Red Flag: Powerless Product Owner

Red Warning Flag On Beach

Stuart Miles – FreeDigitalPhotos.net

Every attempt at transition can have issues. Some issues are fairly common regardless of who attempts the transition. No matter who tries to cross the Sahara there will be a lack of water available during the trip. These common issues are often called red flags.

Every desert crossing attempt is unique. The people and methods involved vary. Some may be making the trip over the course of week, others in just a few hours. In each of these circumstances the best way to address the lack of available water is very different.

In Agile transitions there are also red flags. Just as with crossing the desert each Agile implementation is different. As such there is not a proper way to address every issue every time. The more similar organisations are the more similar the solutions may be, but even that is not a given. Today we are looking at the Agile red flag of a Powerless Product Owner.

I’m not talking about the Product Owner (PO) who represents multiple interests. In fact, that would be a healthy PO. I’m talking about the PO who does not have the final say. The PO who gets overridden constantly.

If the PO is overridden by upper management then their team will lose faith in them. Instead of trusting that what the PO tells them the priorities are the team will always be shy of getting priorities changed partway through an iteration. Soon they will start to plan a period of shifting priorities into their work. Overall effectiveness will decrease. Even when the PO is in the right the team will approach the decisions as temporary. Perhaps they will patch together a solution that can be easily removed instead of creating a robust solution that will stand the test of time. If upper management needs to refocus the PO they need to do it in the context of the structure and process in place around the team, protecting that relationship.
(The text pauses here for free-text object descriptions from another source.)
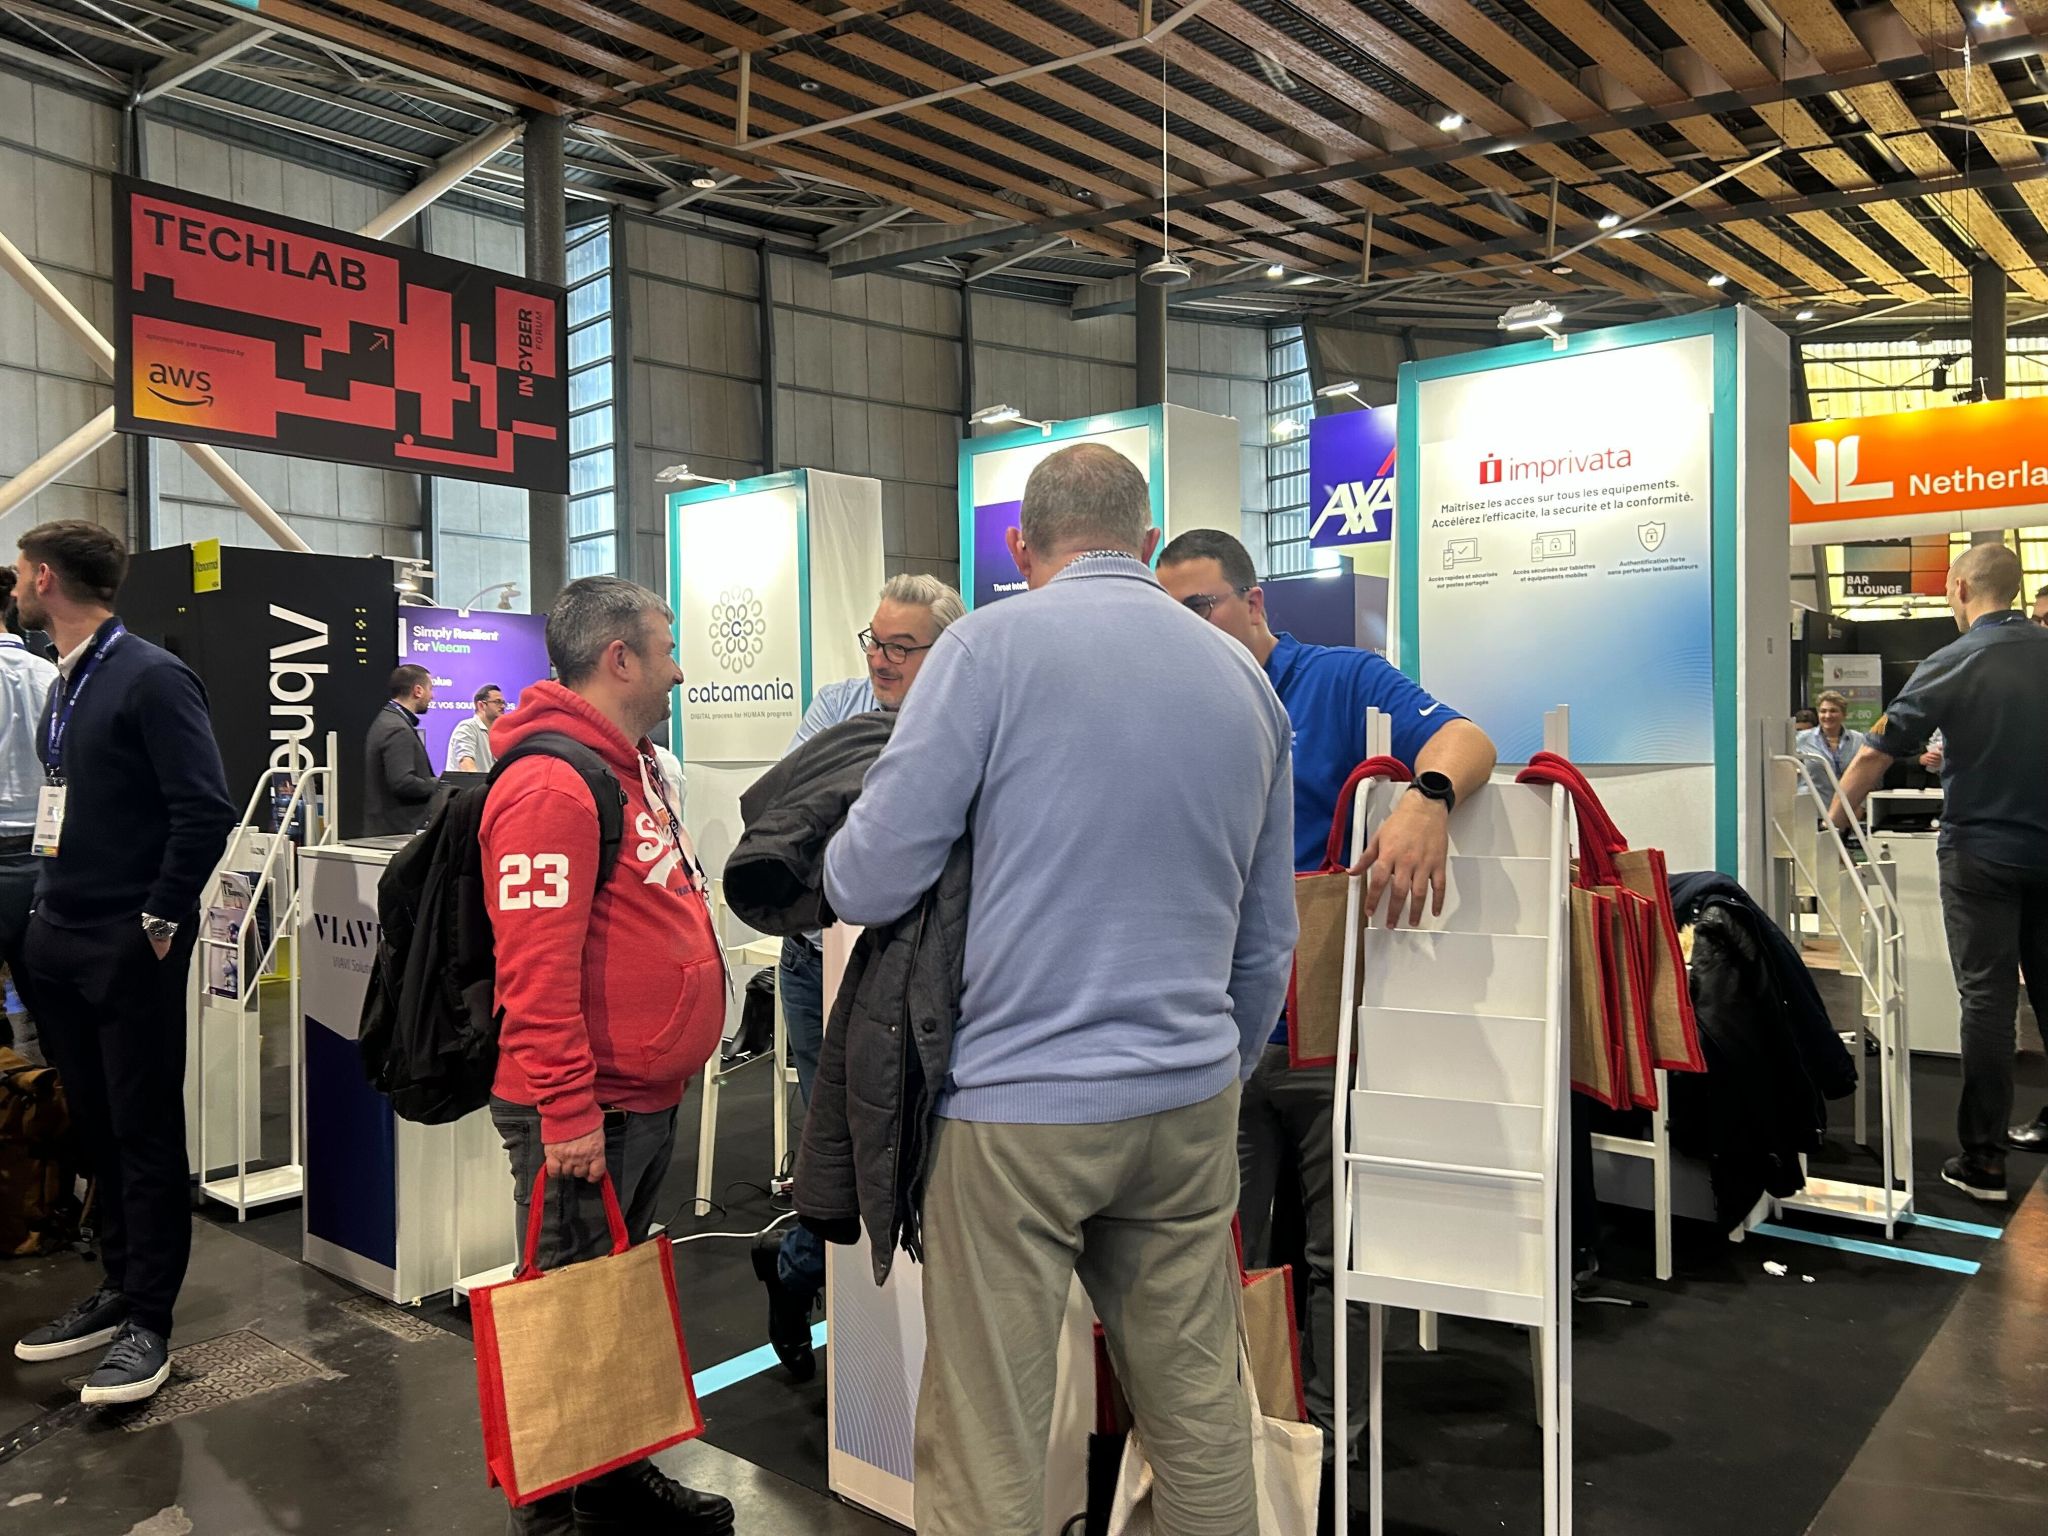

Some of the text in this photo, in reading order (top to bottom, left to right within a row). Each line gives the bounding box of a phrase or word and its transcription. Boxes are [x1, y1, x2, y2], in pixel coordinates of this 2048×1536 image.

[143, 208, 367, 291] TECHLAB
[535, 311, 543, 350] FORUM
[149, 363, 212, 392] aws
[1510, 447, 1632, 484] imprivata
[1909, 460, 2048, 496] Netherla
[1309, 477, 1394, 539] AXA
[1488, 499, 1502, 508] les
[1537, 494, 1554, 503] sur
[1557, 490, 1581, 500] tous
[1583, 488, 1599, 497] les
[1541, 507, 1550, 516] la
[1600, 501, 1611, 510] et
[1613, 500, 1624, 509] la
[1847, 575, 1869, 585] BAR
[1847, 584, 1902, 595] & LOUNGE
[413, 626, 499, 641] Simply Resilient
[413, 640, 471, 653] for Veeam
[688, 677, 794, 703] catamania
[438, 701, 454, 709] vos
[767, 711, 792, 719] progress
[499, 853, 569, 910] 23
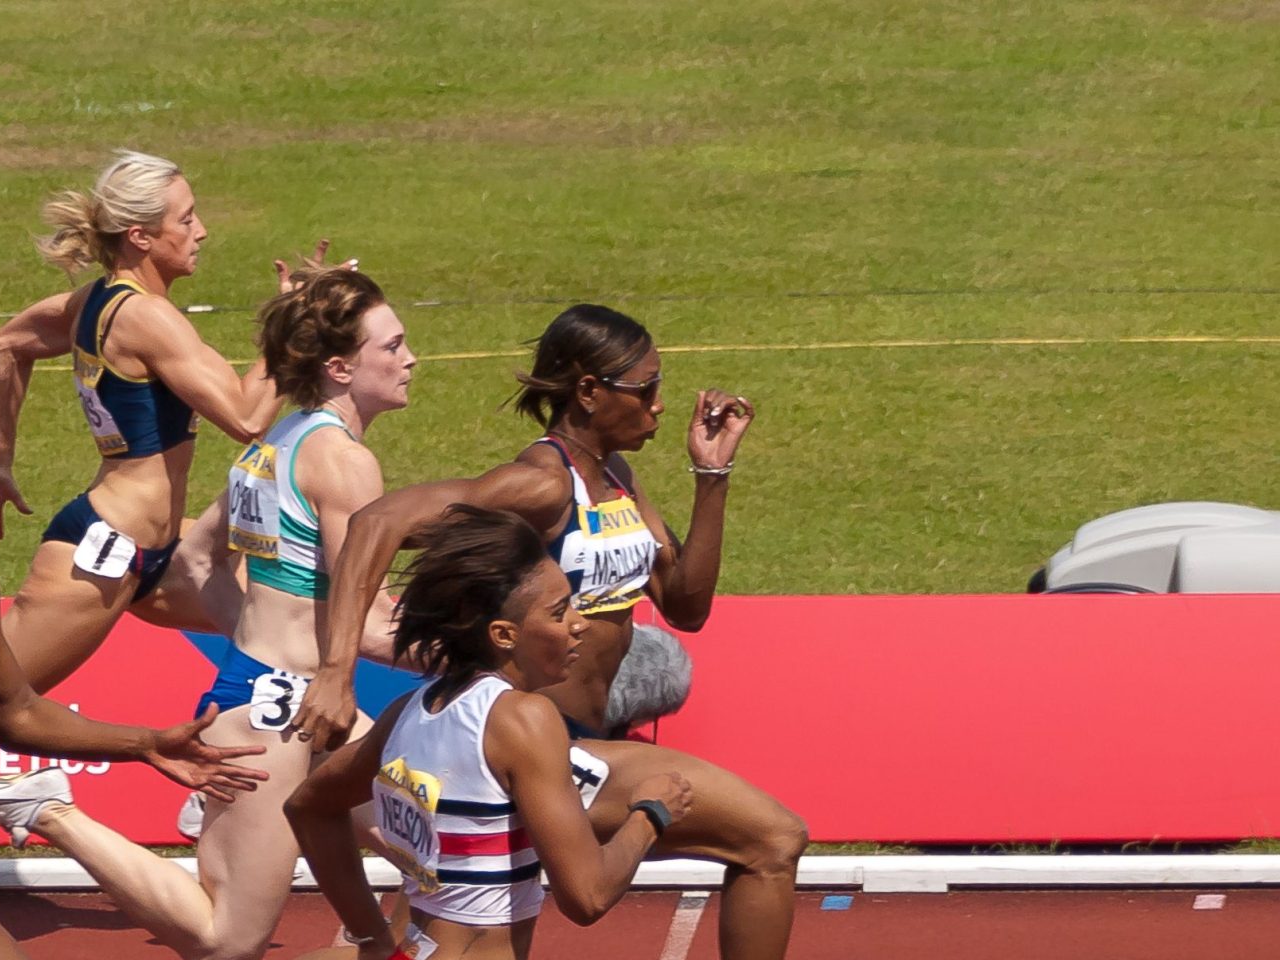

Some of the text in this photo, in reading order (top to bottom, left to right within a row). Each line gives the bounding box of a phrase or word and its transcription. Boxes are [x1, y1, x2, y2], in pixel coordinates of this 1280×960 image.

[92, 531, 119, 570] 1
[261, 678, 294, 727] 3
[380, 793, 433, 857] NELSON
If the PO is overridden by the team the customer will lose faith in them. What the PO promised for delivery will slip. Released features may not work as expected, or at all. The customer will resolve this problem by seeking a new provider in some way. This is a loss for the whole team. A team needs to provide input to the PO, but the final decisions on the product are not the teams responsibility. The team has a responsibility to deliver the solution, not define it.

If the PO is overridden by the customer then they lose effectiveness within the organization. Upper management will prefer to interact directly with the customer, as will the team. The PO will become little more than a figurehead. The value delivery chain is likely to be slowed as the team and customer start to chase the small pieces together without looking back up at the big picture. Upper management will defer to the customer without regard for how it can negatively impact the team. Part of why the PO is there is due to the customer not always being right.

Any of these situations can chip away at the effectiveness of the Product Owner to the detriment of the product, the team, the customer, and ultimately the entire organization. Identifying them early and preventing them is the job of the Agile Coach/Scrum Master/Agile Project Manager. This is why it can be a problem to have these roles combined with the Product Owner.

What other indications have you seen of a Powerless Product Owner? How have you resolved these problems?